Access the plugins from the GUI like in the following image:

Start rqt_graph by selecting Plugins --> Introspection --> Node Graph.

rqt_graph shows how the active ROS nodes are networked through the topics they publish and subscribe to. You can find similar information here like when using the rosnode list or rosnode info commands.

The graph's vertices are ROS nodes and its edges are their associated topics. Here, you can directly see the flow of information in our project:

• The simulation node, /flatland_server, simulates the vehicle's sensor measurements and publishes them to the topic /vehicle/lidar_measurements.
• The controller node, /vehicle_controller subscribes to this topic and computes the target velocity and steering angle.
• The controller node publishes these target values to the topic /vehicle/actuator_commands
• The simulation node, in turn, subscribes to this topic to simulate the realization of these target values by means of a physical model. The simulation node then simulates the next time step and records new /vehicle/lidar_measurements for this new time step.

By hovering over a certain graph element, its linked elements are colored for clarity. Activate and deactivate some options to see the effect on the displayed graph.

If you don't know the functionality of certain GUI elements, you can let the cursor hover over it and hopefully, a tooltip will help you:

Enter e.g. /vehicle_controller in the namespace filter to see the effect.

Also, play with the drop-down menu where "Nodes Only" is selected in the screenshot to see how other choices affect the scope of the visualization. Filtering what is visualized can help you especially in larger projects.

Start the topic monitor by selecting Plugins --> Topics --> Topic Monitor.

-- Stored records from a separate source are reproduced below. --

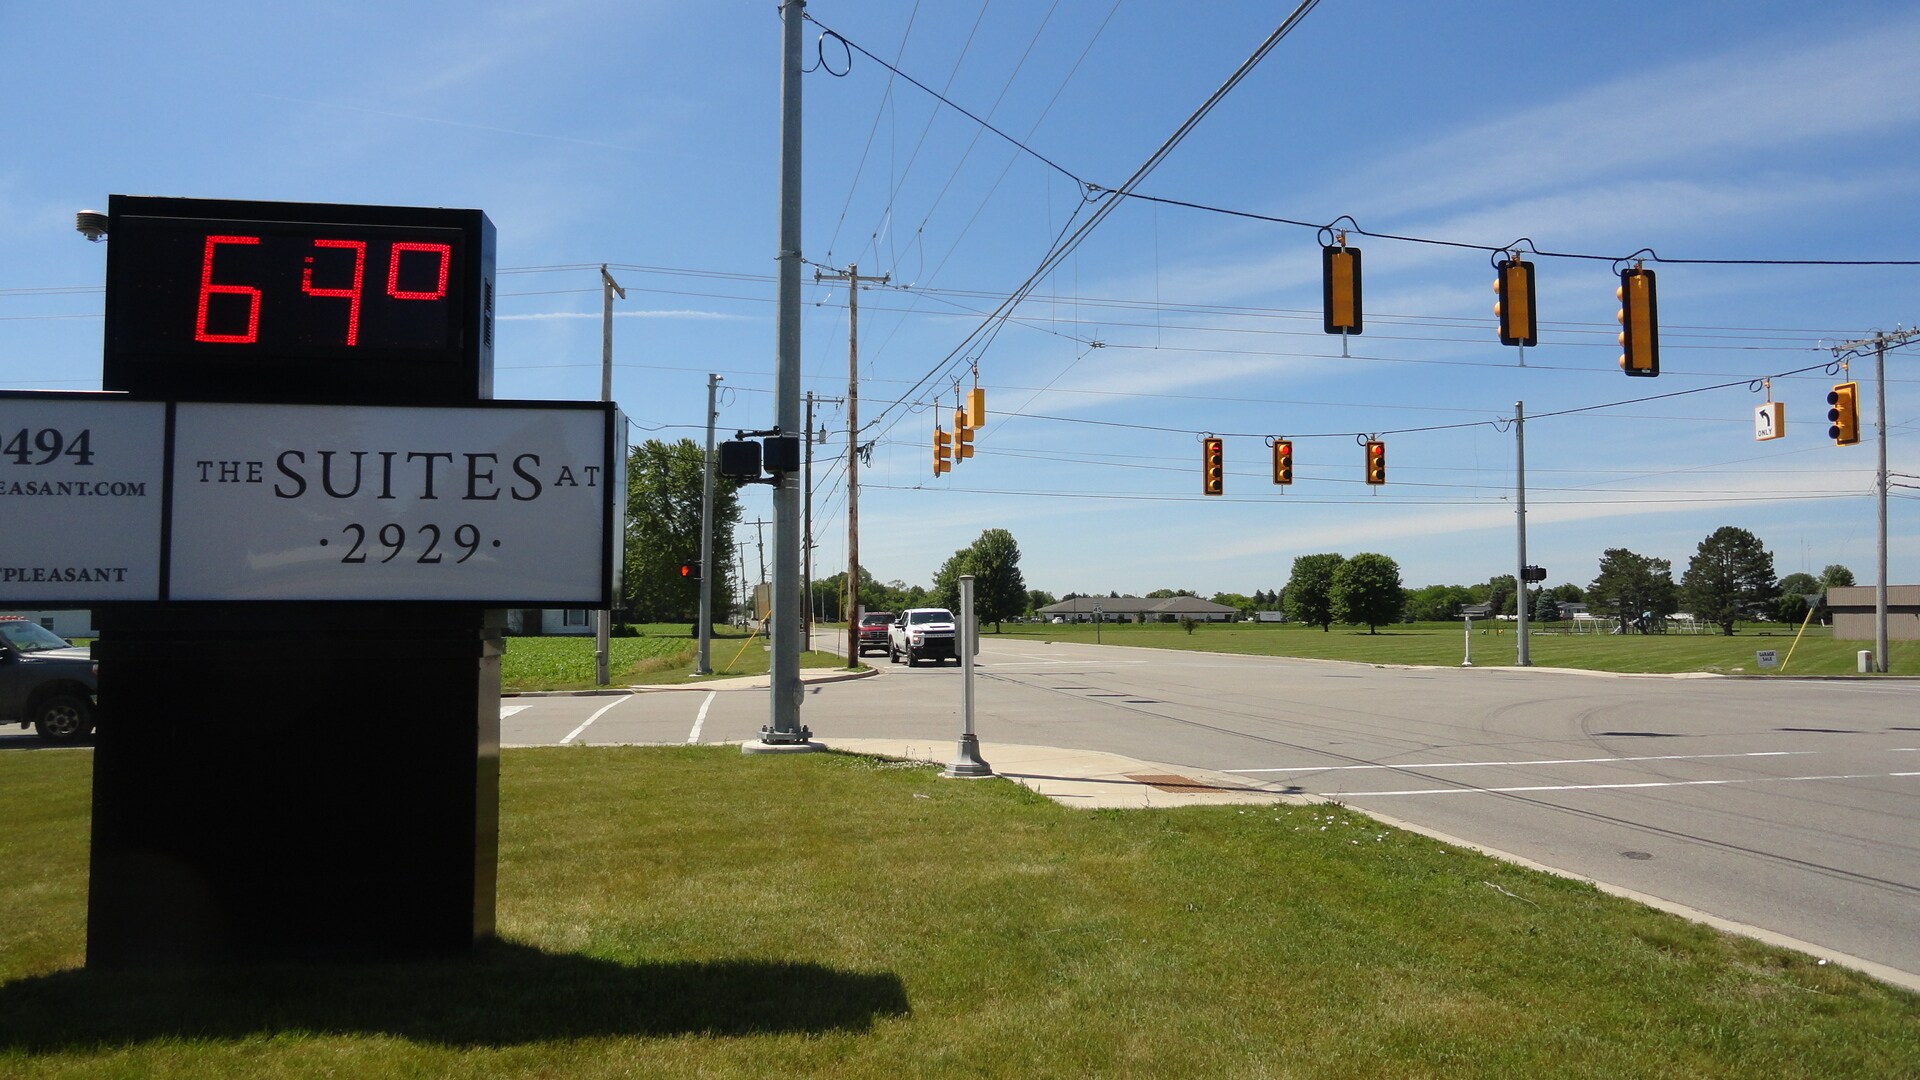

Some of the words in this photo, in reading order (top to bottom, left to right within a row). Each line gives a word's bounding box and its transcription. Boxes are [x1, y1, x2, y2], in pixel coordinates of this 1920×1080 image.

[1758, 428, 1772, 436] ONLY
[0, 428, 95, 466] 494
[197, 461, 263, 483] THE
[274, 450, 543, 501] SUITES
[554, 466, 600, 487] AT
[0, 567, 128, 583] PLEASANT

Do not close the previously opened Node Graph such that you can now arrange both plugins side by side. You can drag and drop, and dock / let float individual plugins to create your individual "Perspective" of rqt.

This plugin provides similar information like rostopic list, rostopic info or rostopic echo. Depending on the situation and application, it can be more convenient to use the command line or the graphical version.

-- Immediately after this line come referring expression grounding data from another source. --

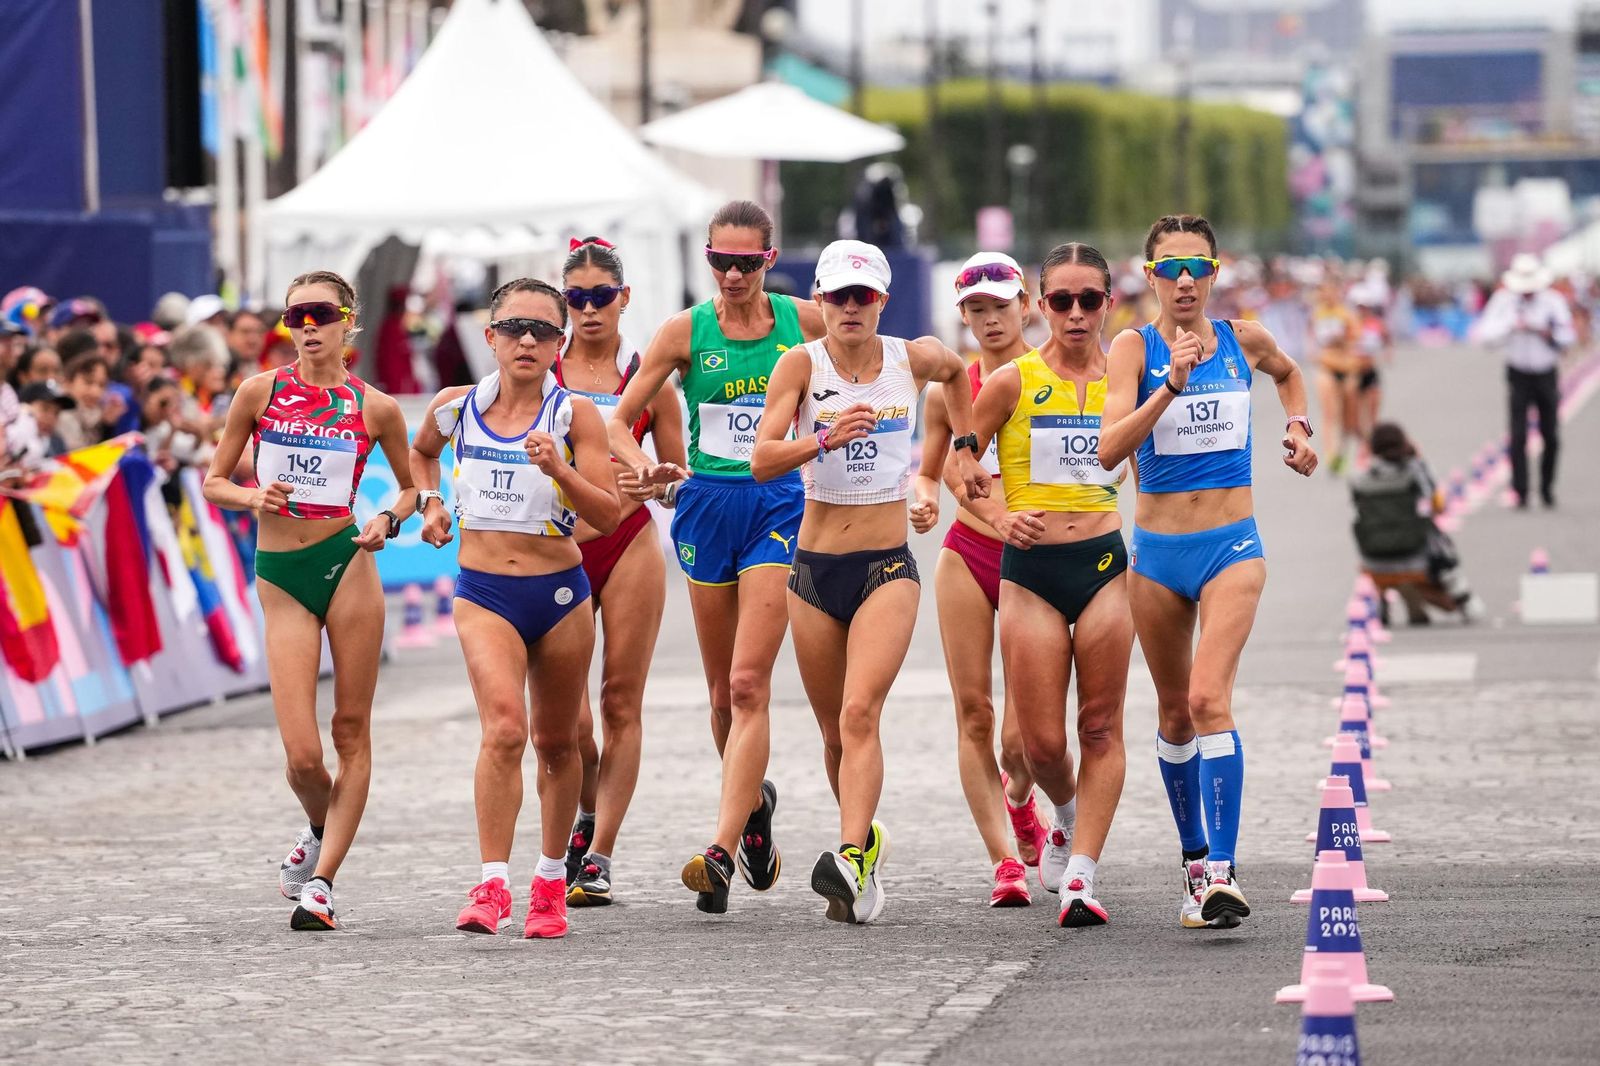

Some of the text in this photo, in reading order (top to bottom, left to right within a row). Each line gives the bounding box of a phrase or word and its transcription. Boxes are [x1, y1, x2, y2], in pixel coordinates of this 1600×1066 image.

[1202, 383, 1225, 391] 2024
[1186, 400, 1220, 422] 137
[273, 420, 355, 441] MÉXICO
[1177, 422, 1234, 436] PALMISANO
[282, 436, 332, 447] PARIS 2024
[1061, 435, 1099, 454] 102
[482, 450, 502, 459] PARIS
[503, 453, 526, 461] 2024
[842, 440, 879, 461] 123
[287, 454, 322, 475] 142
[846, 462, 876, 472] PEREZ
[277, 473, 327, 487] GONZALEZ
[490, 469, 515, 490] 117
[479, 490, 524, 502] MOREJON

Check and expand the topic /vehicle/actuator_commands to analyze its provided fields:

• Topic includes names of topic and variable names of the transmitted message
• Type provides types and sub-types of the transmitted message
• Value numerical values of the transmitted primitive types
• Bandwidth Data rate transmitted through this topic
• Hz Frequency of data transmission

These fields are updated once per second, irrespective of the actual Hz value.

Like already done in the command line, we can again analyze the geometry_msgs/Twist message that controls the cart. The linear.x and angular.z value are again the ones that are actually used.

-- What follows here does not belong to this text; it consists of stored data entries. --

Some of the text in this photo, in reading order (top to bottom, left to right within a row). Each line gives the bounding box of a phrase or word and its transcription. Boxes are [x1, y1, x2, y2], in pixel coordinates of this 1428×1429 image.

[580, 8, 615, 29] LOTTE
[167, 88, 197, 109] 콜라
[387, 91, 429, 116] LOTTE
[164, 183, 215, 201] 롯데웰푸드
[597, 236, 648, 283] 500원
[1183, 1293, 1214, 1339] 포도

Compare the observed frequency to the one of the /vehicle/lidar_measurements topic. Both topics transmit data at an equal rate of 12.5 Hz. That is because the vehicle_controller operates data triggered: every time new lidar measurements arrive, new actuator commands are computed. Convince yourself that other topics, like e.g. /vehicle/wheel_sensors get published to independently of the mentioned mechanism and therefore show a much higher frequency.

Look up in the still opened Node Graph who publishes to /vehicle/wheel_sensors.

Start rqt_console by selecting Plugins --> Logging --> Console.

rqt_console displays log messages that are published to /rosout. These are the same log messages that you can usually also see in the terminal output after starting a node. However, when one launch-file launches multiple nodes in the same terminal window, observing logs in the terminal quickly becomes infeasible. Therefore, rqt_console provides detailed exclusion and highlighting mechanisms.

After waiting for some seconds, you should see the regularly outputted log messages of the lap time measurement:

Now, shut down the vehicle controller node by hitting Ctrl+C in its terminal window and restart it with ⬆️ + Enter.

After a new start, the vehicle controller node publishes a distinct log message when the cart first crosses the start/finish line. That different log message may be hard to spot among all the others.

You can therefore highlight this message by:

• Highlight Messages... --> "Plus" --> ...containing
• A new row appears (you can also use the existing row)
• Enter "measurement"
• Click Button "Fit Columns" for better spacing
• By removing the checkmark, all messages will be highlighted again

Furthermore, you can also exclude messages based on certain criteria.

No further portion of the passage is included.